The Bulli mine disaster occurred on 23 March 1887 at the Bulli Colliery in Bulli, New South Wales, Australia. A gas explosion blew out the tunnel mouth and resulted in the deaths of eighty-one men and boys. It is the second worst mining disaster in Australian history after the 1902 Mount Kembla mine disaster.

== Background ==
The Bulli Coal Mining Company was founded in 1863, loading its first shipment of coal on 22 June 1863.

The coal seams in Bulli are part of the Sydney Basin. Whilst the coal seams are far too deep in Sydney for their mining to be a viable economic proposition, the coal seams are closer to the surface in the Illawarra area.

The Bulli Seam was known at the time of the disaster as the '8 foot seam', and by the late 1800s was considered the easiest in the area to work as it had the thickest and most saleable coal.

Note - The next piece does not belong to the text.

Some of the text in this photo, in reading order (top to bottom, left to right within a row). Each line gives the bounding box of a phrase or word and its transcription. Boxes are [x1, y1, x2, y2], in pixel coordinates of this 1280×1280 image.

Despite the gaseous nature of the seam, the Bulli Coal Mining Company decided to mine the Bulli Seam in 1884.

In January 1887, the owners of the Bulli Colliery decided to recruit non-unionised labour from Sydney due to local industrial disputes in 1886.

== Disaster ==
On Wednesday 23 March 1887, at 2:30pm, an explosion occurred at the Bulli Colliery.

The miners who survived the initial force of the explosion succumbed to the effects of asphyxiant afterdamp.

== Public inquiry ==
The New South Wales government was "embarrassed by the press of the day" and called for a Royal Commission into the disaster.

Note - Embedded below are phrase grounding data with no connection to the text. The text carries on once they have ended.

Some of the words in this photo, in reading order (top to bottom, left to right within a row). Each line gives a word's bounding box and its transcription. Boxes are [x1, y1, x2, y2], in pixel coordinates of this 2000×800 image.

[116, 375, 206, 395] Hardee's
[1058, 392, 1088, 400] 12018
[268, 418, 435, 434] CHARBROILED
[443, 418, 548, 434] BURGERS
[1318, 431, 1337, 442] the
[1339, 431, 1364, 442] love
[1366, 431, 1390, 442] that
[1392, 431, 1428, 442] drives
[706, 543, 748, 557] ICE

The Commission found that the explosion was likely caused by a naked light or overcharged shot igniting a pocket of gas, which resulted in a larger explosion of coal dust. The presence of a high amount of coal-dust in the atmosphere and the confined spaces of the mine both intensified the force of the explosion.

The Commission blamed Jerry Westwood or his colleage, who at the time of the explosion were working at the No.2 coal face. They believe one of these two men prepared and fired the shot that in the opinion of the Commission, "was the immediate or primary cause of the explosion".

== Aftermath ==
In 1895, the Bulli Colliery was sold to George Adams, the founder of Tattersall's.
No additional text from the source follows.